## Your objective:
Transcribe the data exactly, pictures excluded.

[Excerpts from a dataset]

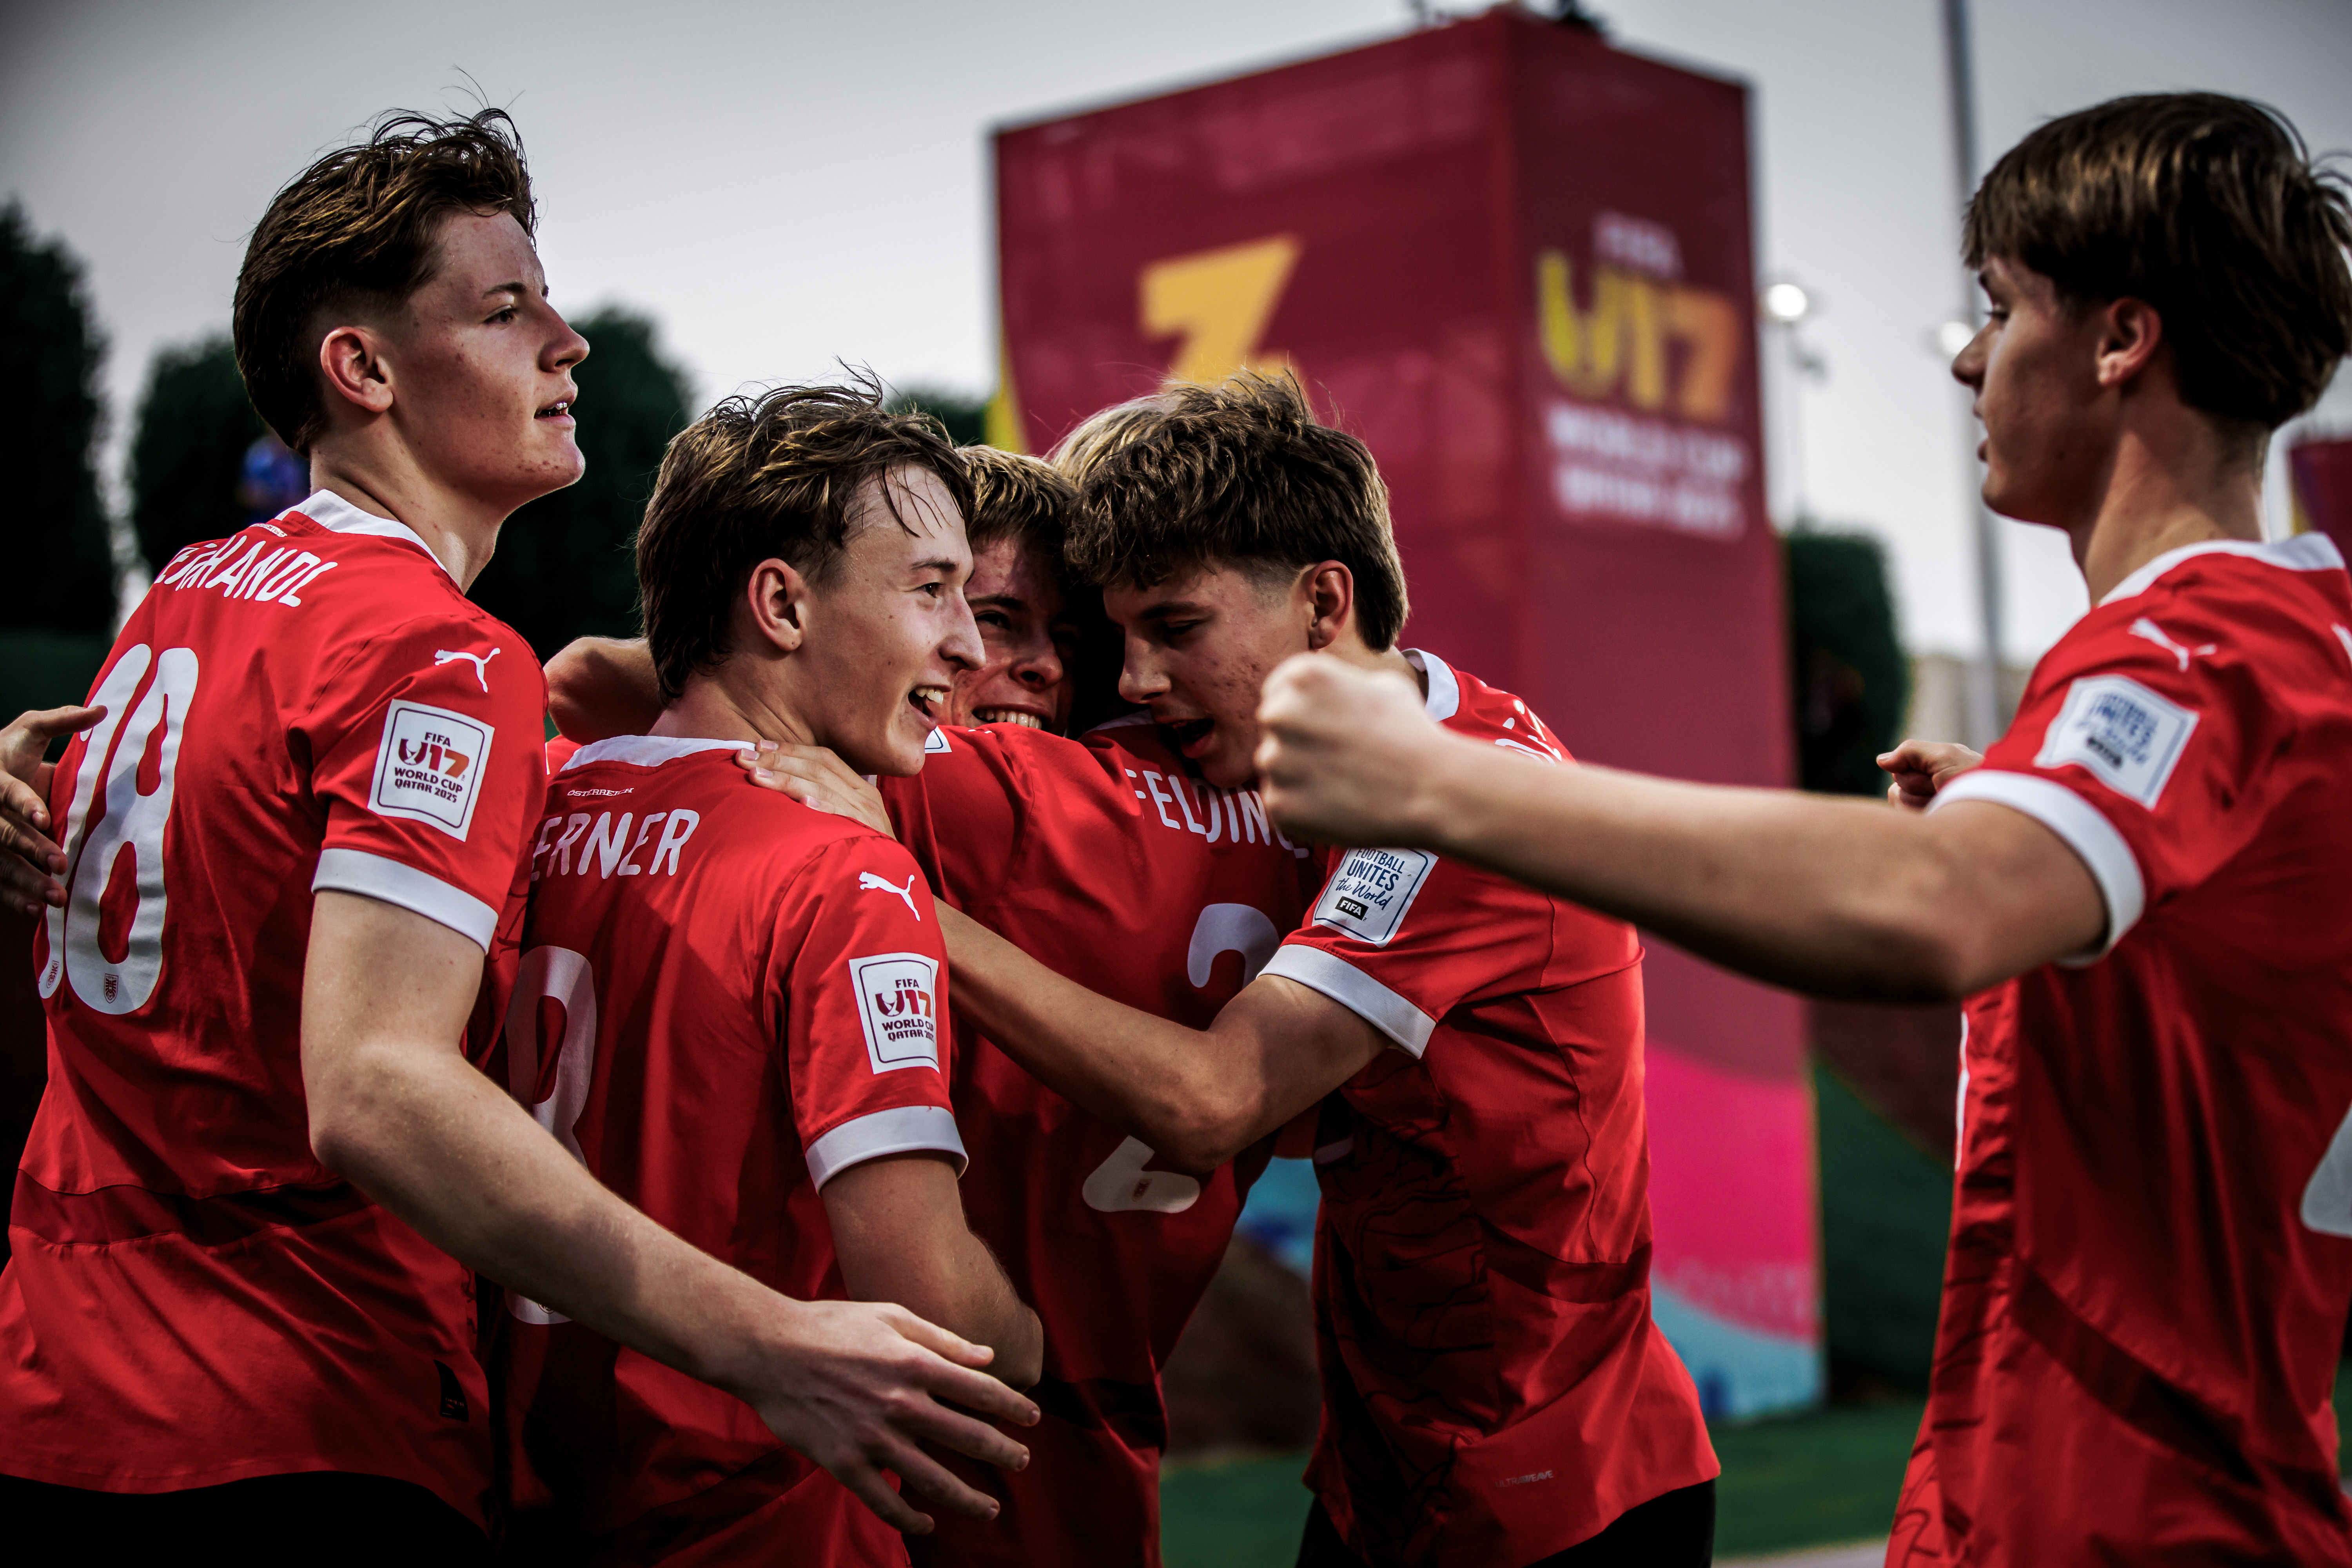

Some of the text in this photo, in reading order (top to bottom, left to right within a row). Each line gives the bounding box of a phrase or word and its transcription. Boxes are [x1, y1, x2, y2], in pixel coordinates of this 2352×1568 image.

[1537, 250, 1740, 421] U17
[425, 732, 451, 747] FIFA
[398, 738, 470, 779] U17
[394, 767, 463, 793] WORLD CUP
[395, 778, 457, 803] QATAR 2025
[567, 788, 634, 797] ÖSTERREICH
[531, 808, 700, 882] ERNER
[1355, 848, 1405, 874] FOOTBALL
[1347, 859, 1399, 891] UNITES
[1335, 878, 1394, 911] the World
[1340, 900, 1362, 916] FIFA
[895, 978, 920, 989] FIFA
[875, 989, 931, 1018] U17
[882, 1018, 924, 1031] WORLD
[887, 1029, 924, 1042] QATAR
[1495, 1470, 1554, 1488] ULTRAWEAVE

## Answer section:
Some of the text in this photo, in reading order (top to bottom, left to right within a row). Each line gives the bounding box of a phrase or word and its transcription. Boxes are [x1, y1, x2, y2], in pixel coordinates of this 2352×1568 image.

[1537, 250, 1740, 421] U17
[425, 732, 451, 747] FIFA
[398, 738, 470, 779] U17
[394, 767, 463, 793] WORLD CUP
[395, 778, 457, 803] QATAR 2025
[567, 788, 634, 797] ÖSTERREICH
[531, 808, 700, 882] ERNER
[1355, 848, 1405, 874] FOOTBALL
[1347, 859, 1399, 891] UNITES
[1335, 878, 1394, 911] the World
[1340, 900, 1362, 916] FIFA
[895, 978, 920, 989] FIFA
[875, 989, 931, 1018] U17
[882, 1018, 924, 1031] WORLD
[887, 1029, 924, 1042] QATAR
[1495, 1470, 1554, 1488] ULTRAWEAVE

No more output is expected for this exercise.